Trita Parsi and Marcus Stanley
The U.S. is in danger of being further captured by Israel’s foreign policy agenda. Continuing military support for Israel without exercising leverage to constrain Israel’s actions will draw the U.S. into ever-greater military and political commitments in the Middle East, at a major cost to American resources, prestige, and interests.
U.S. assistance to Israel is the crucial enabling factor for Israel’s aggressive military posture. U.S. military aid to Israel has at least tripled since the Oct. 7, 2023, attacks. According to the Congressional Research Service, the U.S. directly provided one-third of Israel’s own defense budget in 2024. U.S. military operations in the region since the start of the Gaza war have indirectly added billions of dollars to the amount the U.S. has spent on behalf of Israel.
Yet Israel’s security doctrine directly threatens the long-term American interest in establishing a stable, self-sustaining security order in the Middle East, which would help enable a significantly lower U.S. military presence and level of involvement in the region. Israel’s current course in its conflicts will require more U.S. military engagement, not less, with no clear end in sight.
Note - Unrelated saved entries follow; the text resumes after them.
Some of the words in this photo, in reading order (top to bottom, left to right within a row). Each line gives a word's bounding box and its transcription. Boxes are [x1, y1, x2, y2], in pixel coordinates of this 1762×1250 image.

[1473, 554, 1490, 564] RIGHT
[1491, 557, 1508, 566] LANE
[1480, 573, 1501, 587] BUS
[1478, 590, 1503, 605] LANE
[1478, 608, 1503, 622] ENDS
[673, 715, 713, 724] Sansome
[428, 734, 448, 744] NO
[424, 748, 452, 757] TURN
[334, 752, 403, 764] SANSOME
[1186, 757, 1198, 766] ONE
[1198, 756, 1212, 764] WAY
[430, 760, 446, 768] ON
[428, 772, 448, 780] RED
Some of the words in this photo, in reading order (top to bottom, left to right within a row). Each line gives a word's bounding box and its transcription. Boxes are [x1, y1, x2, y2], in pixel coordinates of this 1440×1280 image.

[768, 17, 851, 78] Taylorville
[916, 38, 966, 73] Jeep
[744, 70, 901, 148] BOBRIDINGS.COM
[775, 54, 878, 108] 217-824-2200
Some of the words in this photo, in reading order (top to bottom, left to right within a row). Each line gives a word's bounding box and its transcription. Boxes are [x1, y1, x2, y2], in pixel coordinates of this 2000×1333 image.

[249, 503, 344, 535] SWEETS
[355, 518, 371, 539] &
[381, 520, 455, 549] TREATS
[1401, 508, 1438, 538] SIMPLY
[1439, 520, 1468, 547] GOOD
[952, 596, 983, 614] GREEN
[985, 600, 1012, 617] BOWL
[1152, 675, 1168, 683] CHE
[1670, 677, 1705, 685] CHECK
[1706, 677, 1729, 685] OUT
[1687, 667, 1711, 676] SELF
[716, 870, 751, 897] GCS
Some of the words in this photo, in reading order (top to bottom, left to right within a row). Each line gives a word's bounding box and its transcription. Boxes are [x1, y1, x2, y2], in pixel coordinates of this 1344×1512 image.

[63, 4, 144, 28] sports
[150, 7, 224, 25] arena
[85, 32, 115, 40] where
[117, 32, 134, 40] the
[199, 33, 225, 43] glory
Israeli intentions seem to include the destruction of the current regime in Iran, a permanent disarmament of Hezbollah in Lebanon, the occupation of territory within Syria, a mass forced expulsion of the millions of remaining civilians in Gaza, and an annexation of the West Bank. But none of these, let alone all of them, can be achieved without considerably expanded long-term U.S. military and political support.
Unless and until the U.S. demonstrates that it can withhold military support for Israeli actions that do not align with U.S. interests, Israel faces no clear incentive to change its policies. The history of the Middle East shows that even military victories such as the 1967 Six-Day War or the 1990–91 Gulf War do not create peace and stability unless they are accompanied by creative diplomacy and mutual restraint. Israel must be a participant in such diplomacy. But it is highly unlikely that Israel will show the needed restraint so long as U.S. support is unconditional.